Huellas

Antes, hace años, no se podía apoyar la suela de los zapatos en los bancos públicos. El guardián del parque –o el revisor del tren- te reñía, y también cualquier adulto que pasara por allí. A los mayores ni se les ocurría cometer semejante tropelía. Era, en el mejor de los casos, una transgresión juvenil, un gesto de rebeldía.
En casa ni hablar de encaramarse calzado a las sillas o al sofá. Los padres te explicaban lo obvio: la calle está llena de escupitajos, pis y caca de perro y quién sabe cuántas guarradas más. Yo, voluntarioso, completaba la lista: sangre verde de cucaracha, legañas de murciélago, cera de oreja de comadreja, pus de gusano leproso, babas de escuerzo casposo.
Había consenso. La inmundicia se adhería a las suelas y debíamos evitar que se traspasara a nuestros cuerpos y pertenencias. Actualmente hay la misma roña en las calles, pero todo el mundo apoya los pies en los bancos públicos.
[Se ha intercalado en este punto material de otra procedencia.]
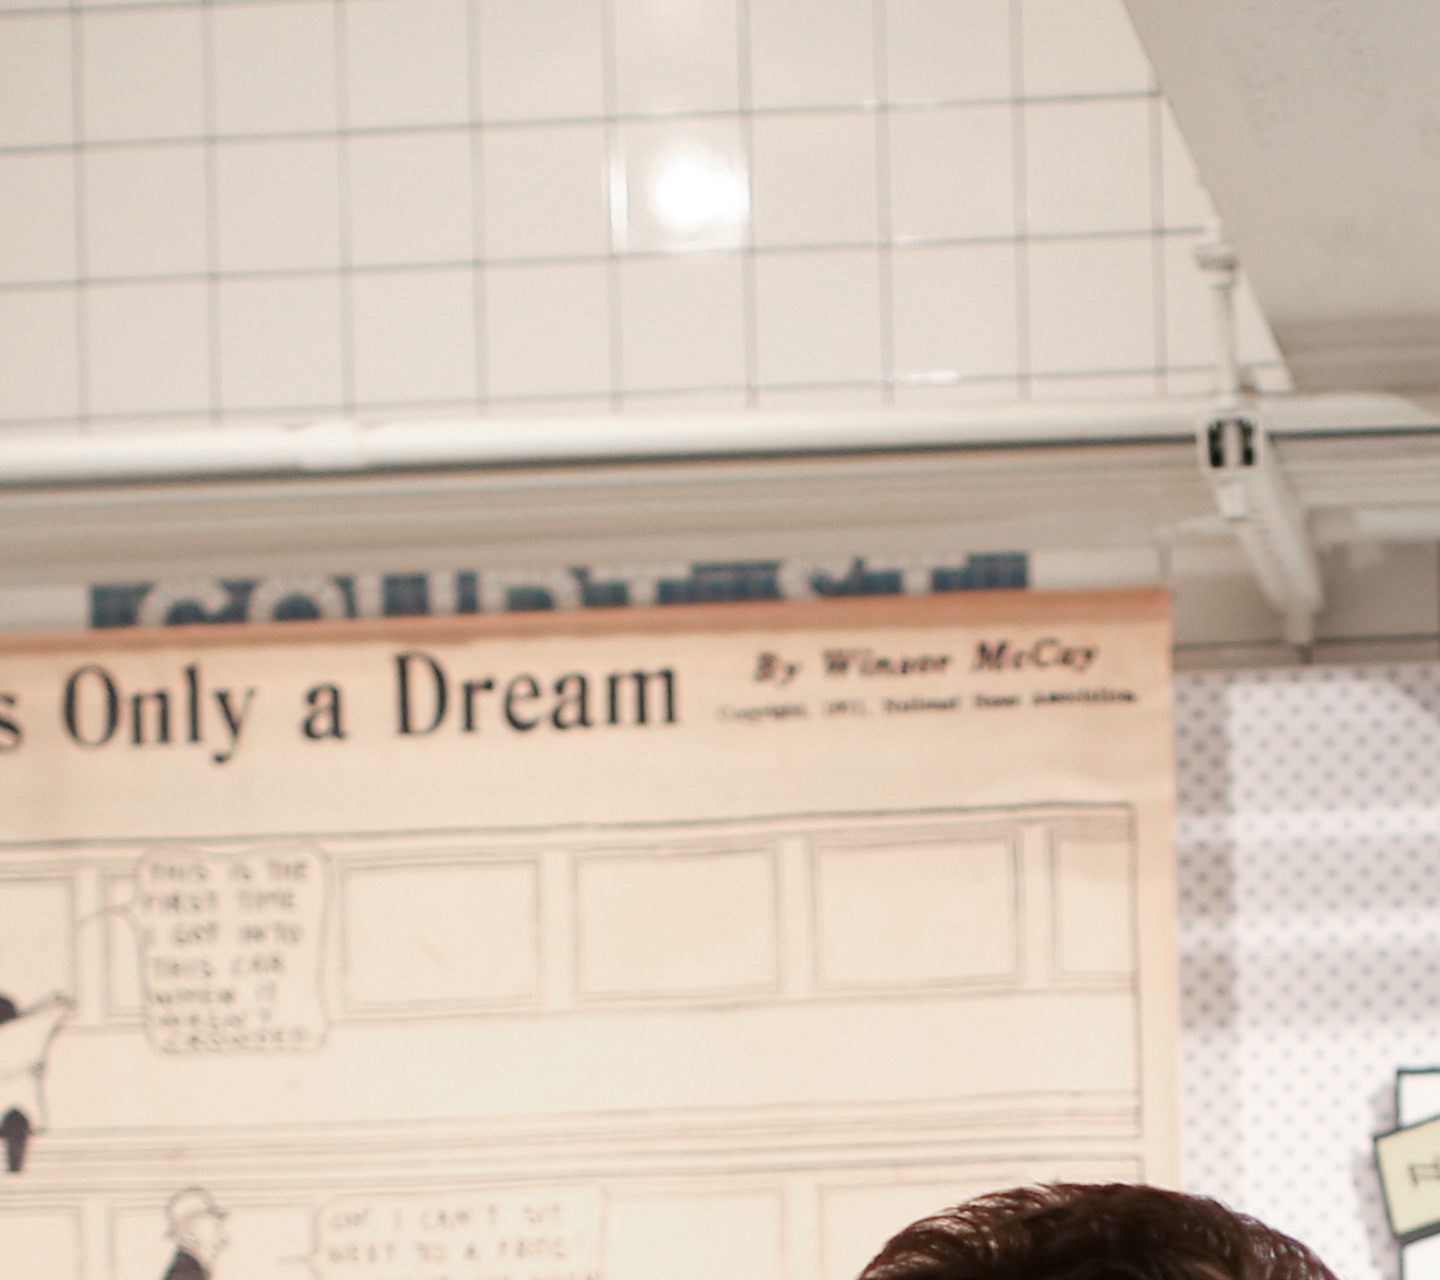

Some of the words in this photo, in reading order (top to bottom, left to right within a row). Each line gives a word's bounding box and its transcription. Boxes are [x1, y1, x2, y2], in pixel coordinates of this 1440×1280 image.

[754, 651, 800, 686] By
[822, 645, 953, 677] Winsor
[971, 635, 1101, 673] McCay
[64, 662, 255, 764] Only
[301, 681, 348, 741] a
[393, 649, 679, 738] Dream
[267, 856, 308, 881] THE
Estoy seguro de que, en su casa, la mayoría se cuida muy mucho de cometer tal estupidez.
Los jóvenes llevan dos generaciones liberándose del yugo milenario de padres, curas y profesores. La primera generación dió la batalla (y la ganó). La segunda empujó el péndulo hasta el extremo y ahora disfruta del enseñoramiento de lo joven y dilapida las posiciones conseguidas –por ejemplo- pisoteando alegremente los sitios destinados a sentarse.
¿Me estaré volviendo viejo? Sï. ¿Tengo razón? También.
Hace diez años que soy asiduo de los gimnasios de Barcelona. Pasé por uno privado y dos públicos. En los tres tuve y tengo que enfrentarme a diario a una realidad desesperante: los socios se atan los cordones apoyando el pié en los bancos que se extienden junto las taquillas. Como el piso de los gimnasios suele estar húmedo, es habitual que una huella negra e inmunda quede como prueba de tan descerebrada incivilidad.
¿Harán lo mismo las socias? Si algún día me pillan espiando el vestuario femenino que conste que estaba inmolándome por la causa de la antropología.
Según cómo esté de humor, digo algo o me callo. Últimamente, cada vez más, opto por tragar sapo y hacer mutis. He tenido muchas experiencias desagradables por pretender que el otro limpie su marca. El otro no es necesariamente un joven rebelde, un okupa tardo-adolescente, un miembro de Jarrai con el coco lavado por los profetas del odio. No, suele ser un señor con traje que tiene la sana costumbre de mover el cuerpo. Un tipo cualquiera. Menor de 50, eso sí. Los mayores conservan ese antiguo respeto que hoy parece una reliquia.
“Vete a tu tierra si no te gusta”, me han dicho más de una vez. ¿Qué hacer en un caso así? ¿Cambiar la natación por el boxeo? ¿Exponerme a ser noqueado por uno de esos cachirulos que constituyen el grueso de los habitués? No, claro. Lo que hago es entregarme con mayor pasión a la gimnasia, destilar la rabia como una toxina más de las que se eliminan con el sudor.
Y en eso estaba, el otro día, renegando de la Humanidad, resopla que te resopla, cuando la suela de la zapatilla del socio de la máquina de enfrente se ofreció ante mi vista. Era amarilla, negra y plateada. Muy compleja. Y bonita. Llena de canalillos alambicados destinados a conseguir una buena sujeción. Además de lograr un buen agarre, ese diseño estaba pensado para lucir bien. Era un dibujo high-tech impactante y futurista. Me sumergí en esa visión y conseguí, de entrada, dejar atrás el mal humor. Me imaginé el taller de los diseñadores industriales y me pregunté si entre los creadores de zapatillas habría especialistas en suelas. La siguiente escena fue una discoteca acristalada en una estación espacial: en esa burbuja cósmica los astronautas rebotaban de aquí para allá sobre sus bambas luminosas. Pensé que el futuro no estaba tan mal, después de todo.
La confirmación llegó al día siguiente en la macrotienda de deportes Decathlon de L’Illa. Dispuestos en los anaqueles había –y hay, vayan a verlos- decenas de modelos distintos de calzado deportivo. Cada uno de ellos se muestra de perfil y también del revés. Ese despliegue atómico de suelas no tiene nada que envidiarle a ninguna exposición de esculturas, a ninguna instalación post-duchampiana-ecléctico-selectiva-deconstructivista de tres pares de cojones. Arte moderno con mayúsculas, señoras y señores. Cultura.
Descubrir fuentes inesperadas de belleza me reconcilia con el mundo.
¿Hacia dónde se dirigen nuestros pasos? ¿Qué clase de huellas estamos dejando? ¿Qué será de la Tierra? No lo sé, pero acabo de viajar de la desesperanza al optimismo montado en las mismas suelas.